Recently supervised learning rapidly develops in scene text segmentation. However, the lack of high-quality datasets and the high cost of pixel annotation greatly limit the development of them. Considering the well-performed few-shot learning methods for downstream tasks, we investigate the application of the few-shot learning method to scene text segmentation. We propose TSAL, which leverages CLIP's prior knowledge to learn text attributes for segmentation. To fully utilize the semantic and texture information in the image, a visual-guided branch is proposed to separately extract text and background features. To reduce data dependency and improve text detection accuracy, the adaptive prompt-guided branch employs effective adaptive prompt templates to capture various text attributes. To enable adaptive prompts capture distinctive text features and complex background distribution, we propose Adaptive Feature Alignment module(AFA).

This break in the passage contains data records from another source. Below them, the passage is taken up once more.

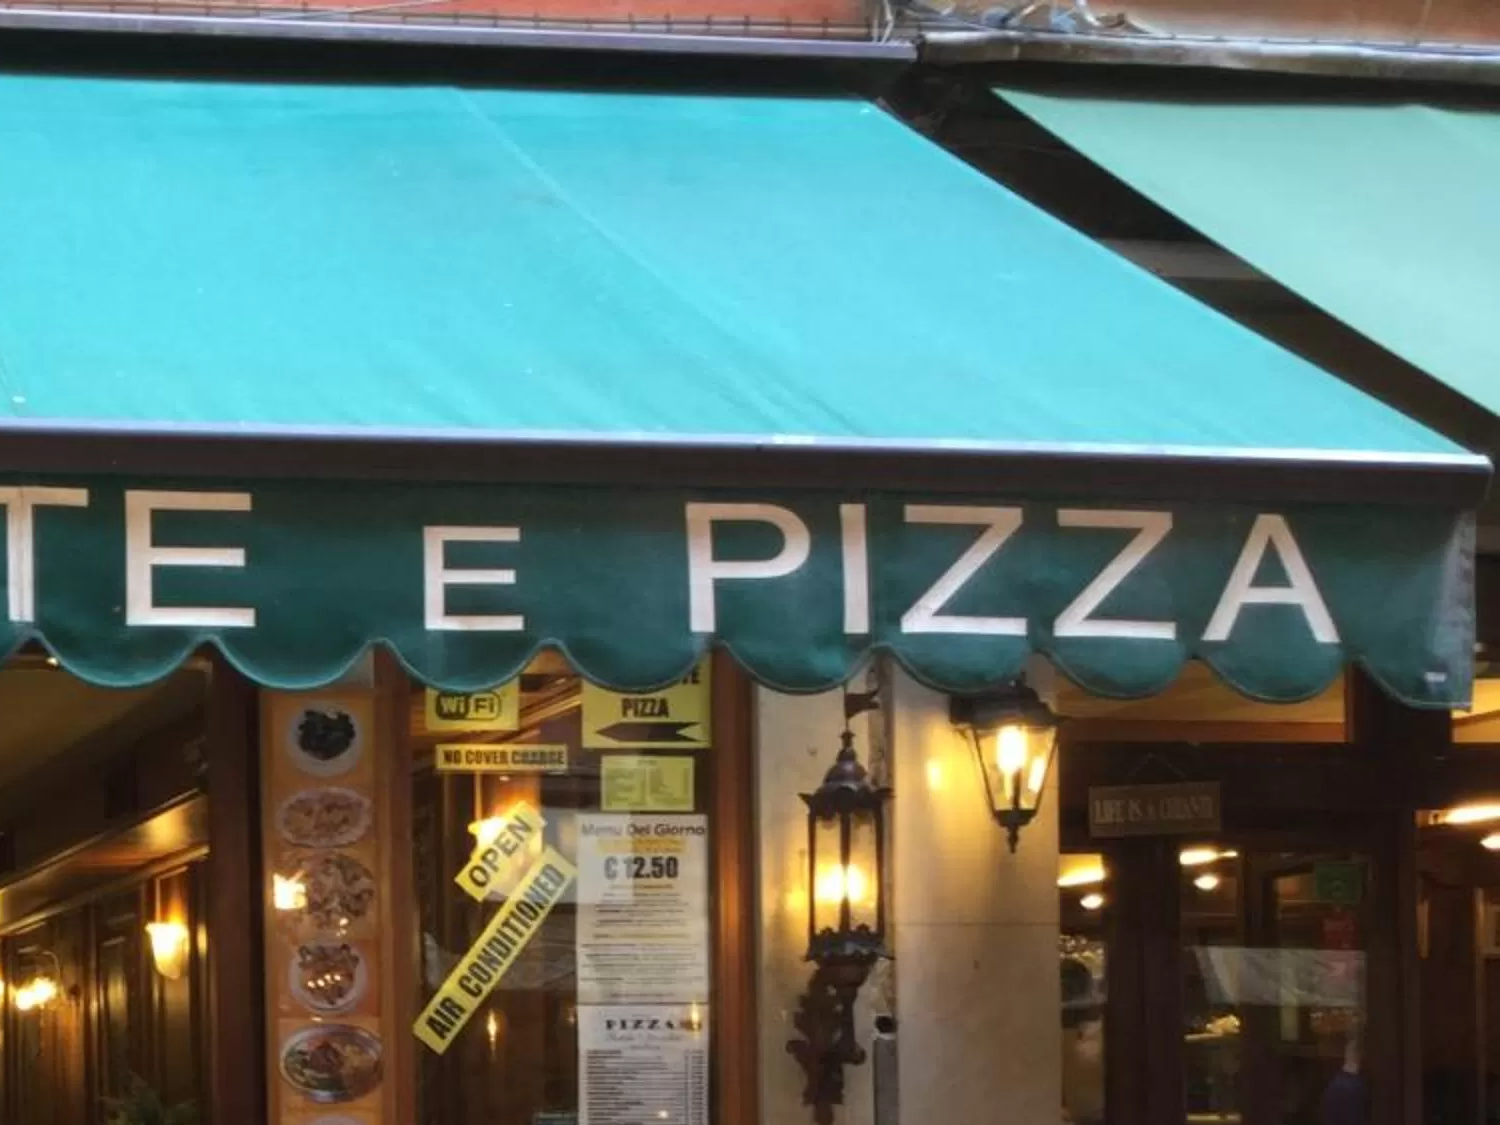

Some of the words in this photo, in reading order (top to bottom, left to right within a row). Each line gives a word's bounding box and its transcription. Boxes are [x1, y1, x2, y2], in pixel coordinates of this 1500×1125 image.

[424, 526, 524, 630] E
[685, 502, 1341, 643] PIZZA
[621, 698, 669, 718] PIZZA
[443, 751, 461, 765] NO
[466, 751, 509, 765] COVER
[654, 824, 706, 836] Giorno
[468, 814, 533, 888] OPEN
[623, 856, 679, 879] 12.50
[425, 996, 466, 1041] AIR
[458, 863, 566, 998] CONDITIONED
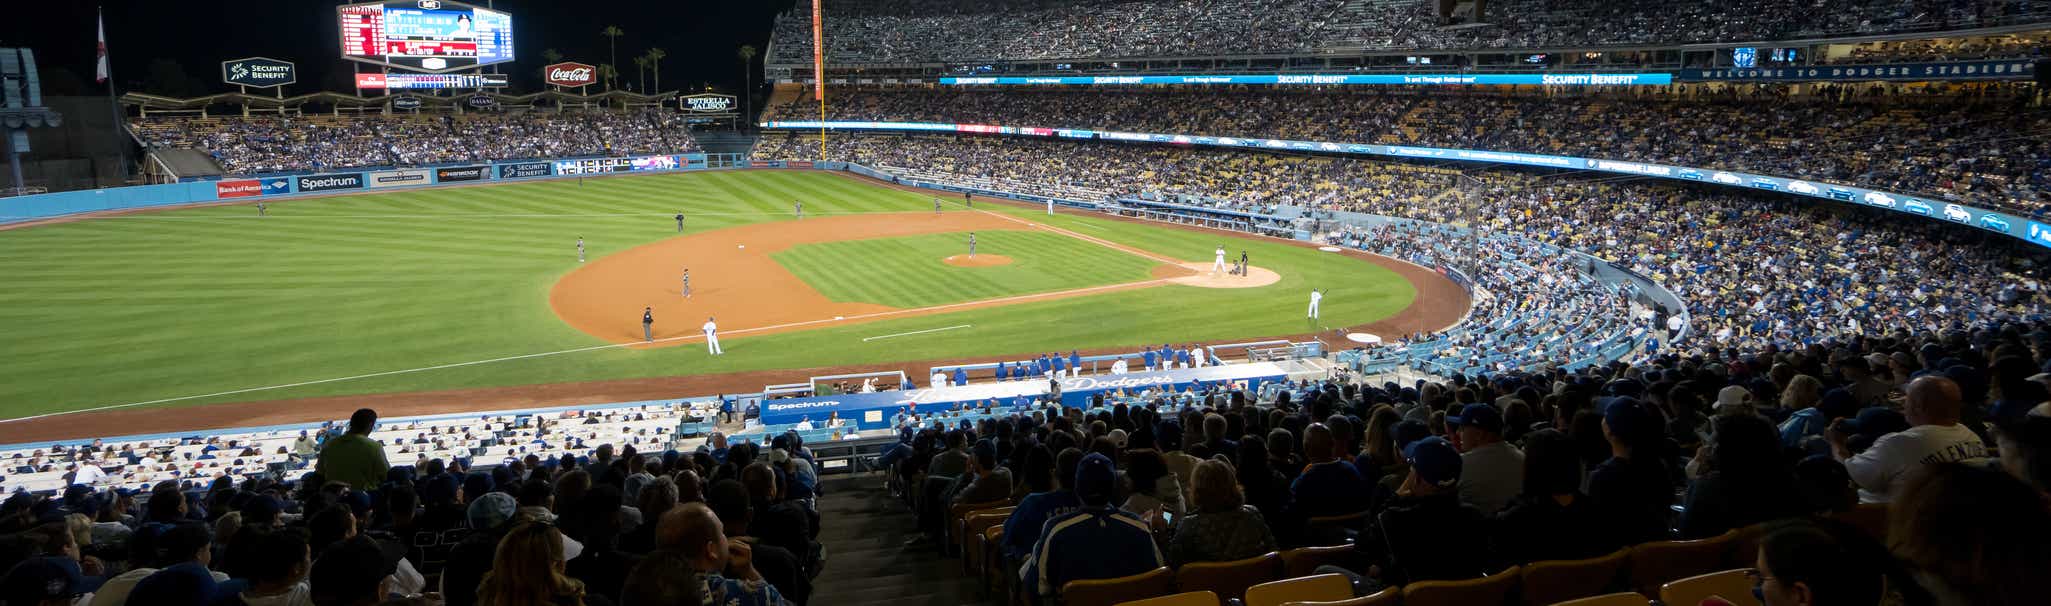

By aligning learnable tokens of different attributes with visual features and prompt prototypes, AFA enables adaptive prompts to capture both general and distinctive attribute information. TSAL can capture the unique attributes of text and achieve precise segmentation using only few images. Experiments demonstrate that our method achieves SOTA performance on multiple text segmentation datasets under few-shot settings and show great potential in text-related domains.

Paper Structure

This paper contains 21 sections, 13 equations, 6 figures, 6 tables.

Figures (6)

  • Figure 1: Training and Inference Pipeline of TSAL under 1-shot setting. During training, we optimize the foreground and background prompts to learn attribute features. During inference, we calculate the similarity between the optimized features and the input image, obtaining the final result.
  • Figure 2: Overview of TSAL (2-shot): the Visual-guided branch extracts and stores foreground and background features in visual feature bank for inference. The adaptive prompt-guided branch design effective templates for adaptive prompts and utilizes LLMs to generate fine-grained descriptions for each input image. AFA aligns the adaptive prompts with visual features and prompt prototypes, enabling them to capture rich semantic information. The optimized prompt features are stored in the prompt feature bank for inference.
  • Figure 3: Visualization results under the 1-shot setting on the TextSeg, Total-Text, and IDAR13 FST datasets. To guarantee fairness, PromptAD uses our mask generator to generate the masks. Our method performs well in a variety of complex scenes.
  • Figure 4: Visualization examples of AFA for four different scenarios. The first row is w/o AFA, the second row is w/ AFA.
  • Figure 5: FgIoU of TextSeg in 1-shot setting using different numbers of prompts and ratios of prototypes to learnable prompts.